Palavras-chave: Epigenética. Envelhecimento. Reprogramação Celular. Senescência Genética Celular. 

Abstract 

Introduction: Aging, a natural process that occurs in all organisms, leads to changes in cells  and makes the body more prone to diseases such as cancer and cardiovascular disease, due to  the loss of tissue homeostasis. With a view to better understanding epigenetic reprogramming,  this article aims to analyze how partial epigenetic reprogramming can help delay or reverse  some signs of aging, promoting cellular health and opening new possibilities in regenerative  medicine. Methodology: A bibliometric review was conducted in which, first, scientific articles published in the PubMed database were searched on the topics “cellular reprogramming,”  “induced pluripotent stem cells,” and “genetic cellular senescence.” Only full articles available  in Portuguese, English, or Spanish that addressed the subject in the title, abstract, or des criptors were selected. Results: It was found that interest in the area has been increasing, especially in research conducted with human and animal cells, involving the study of genetic mechanisms and new therapies. The literature indicates partial epigenetic reprogramming as a promising strategy: it can restore youthful characteristics of cells without loss of identity. 
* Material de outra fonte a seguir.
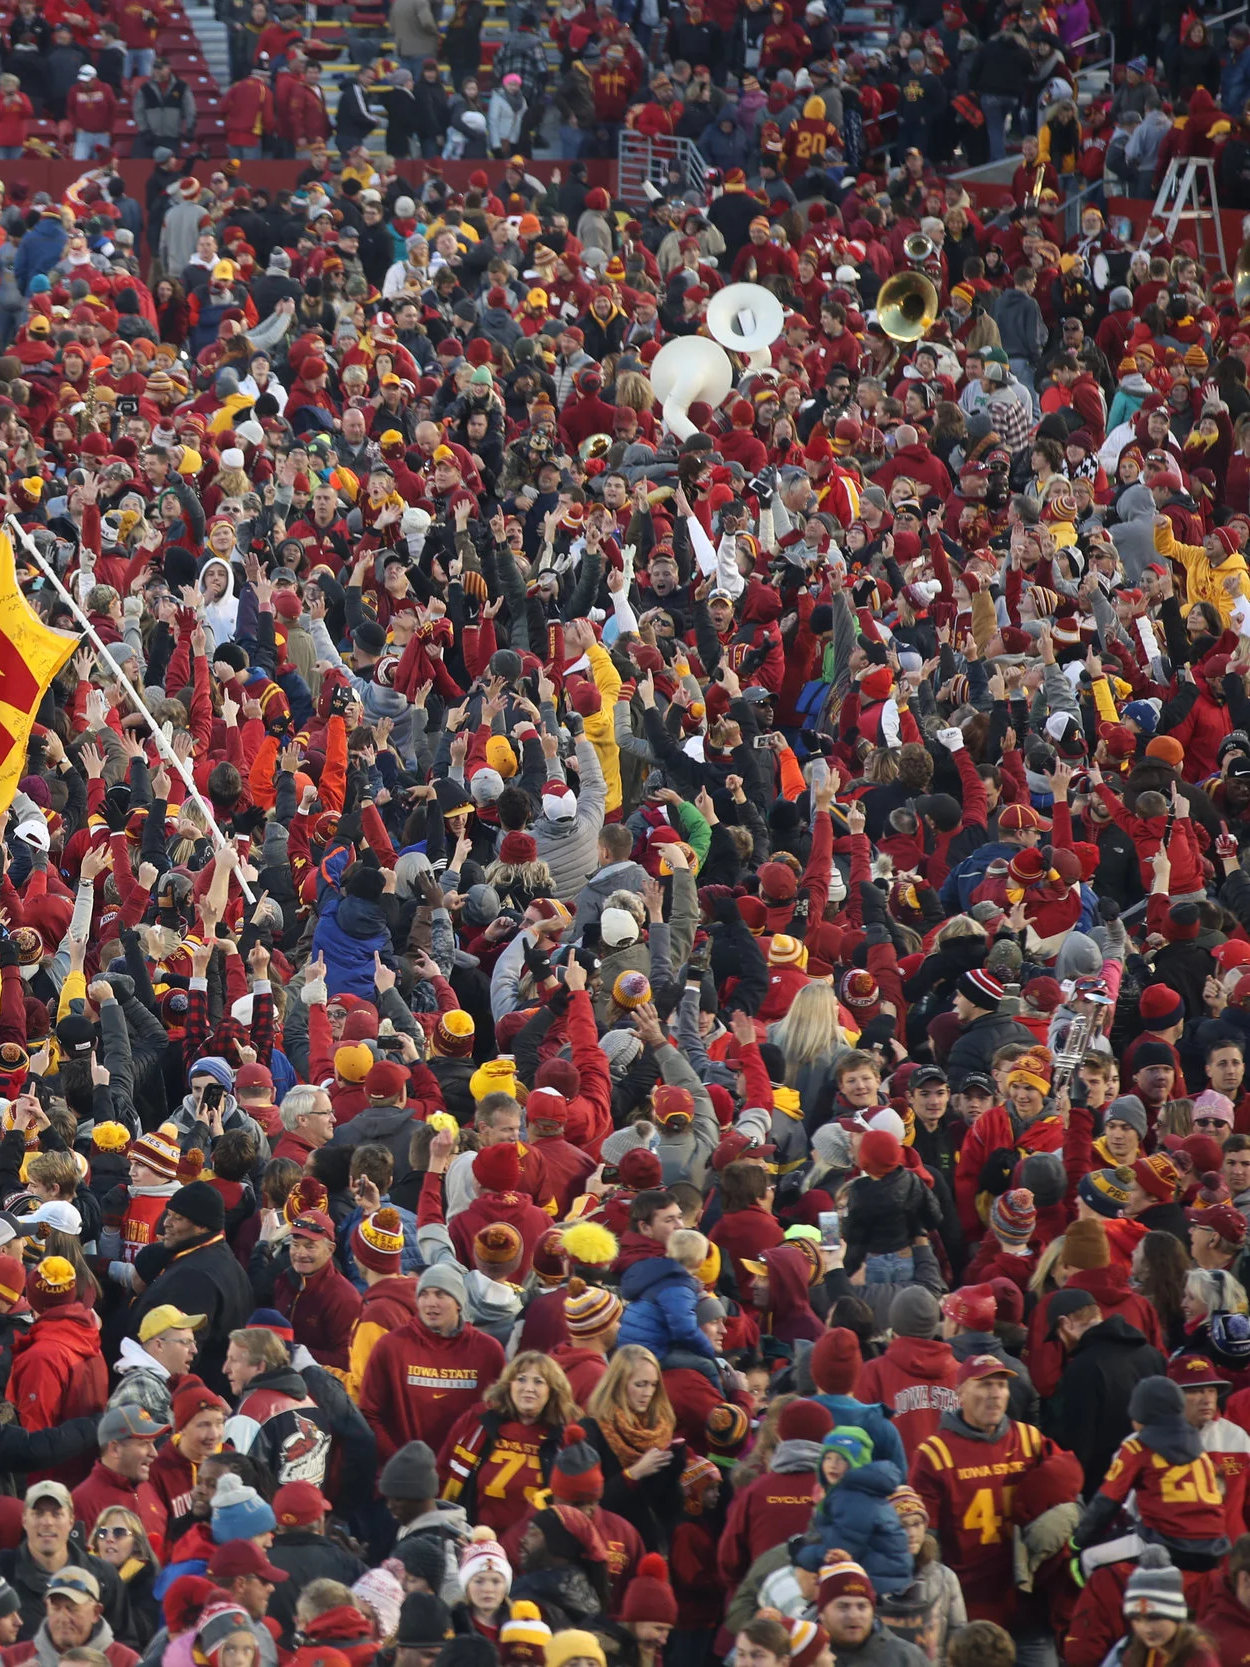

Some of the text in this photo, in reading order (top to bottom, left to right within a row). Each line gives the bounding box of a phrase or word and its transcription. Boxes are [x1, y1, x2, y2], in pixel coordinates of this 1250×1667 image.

[407, 1364, 478, 1380] IOWA STATE
[893, 1386, 929, 1417] IOWA
[957, 1461, 1025, 1481] IOWA STATE
[1161, 1451, 1224, 1506] 20
Keywords: Epigenetics. Aging. Cellular Reprogramming. Cellular Genetic Senescence. 

1. INTRODUÇÃO 

O envelhecimento é um processo multifatorial caracterizado pelo declínio progressivo  da função celular, alterações epigenéticas e perda da homeostase tecidual, tornando o organismo  mais vulnerável ao desenvolvimento de doenças crônicas e degenerativas (Gottlieb et al. 2007). 

Entre as manifestações moleculares do envelhecimento destacam-se a instabilidade  genômica, o encurtamento dos telômeros, o acúmulo de mutações somáticas e modificações  epigenéticas como a metilação do DNA e alterações em histonas (Santos et al. 2009). 

Nos últimos anos, a reprogramação epigenética parcial — baseada na expressão  transitória dos fatores de Yamanaka (OCT4, SOX2, KLF4 e c-MYC) — consolidou-se como  uma alternativa inovadora para reverter marcas do envelhecimento sem induzir a perda de  identidade celular (Saunders et al. 2010). Essa estratégia permite restaurar padrões de expressão  gênica associados à juventude, remodelar o epigenoma e proporcionar maior resistência ao  estresse oxidativo e à deterioração funcional das células (Murray et al. 2015). 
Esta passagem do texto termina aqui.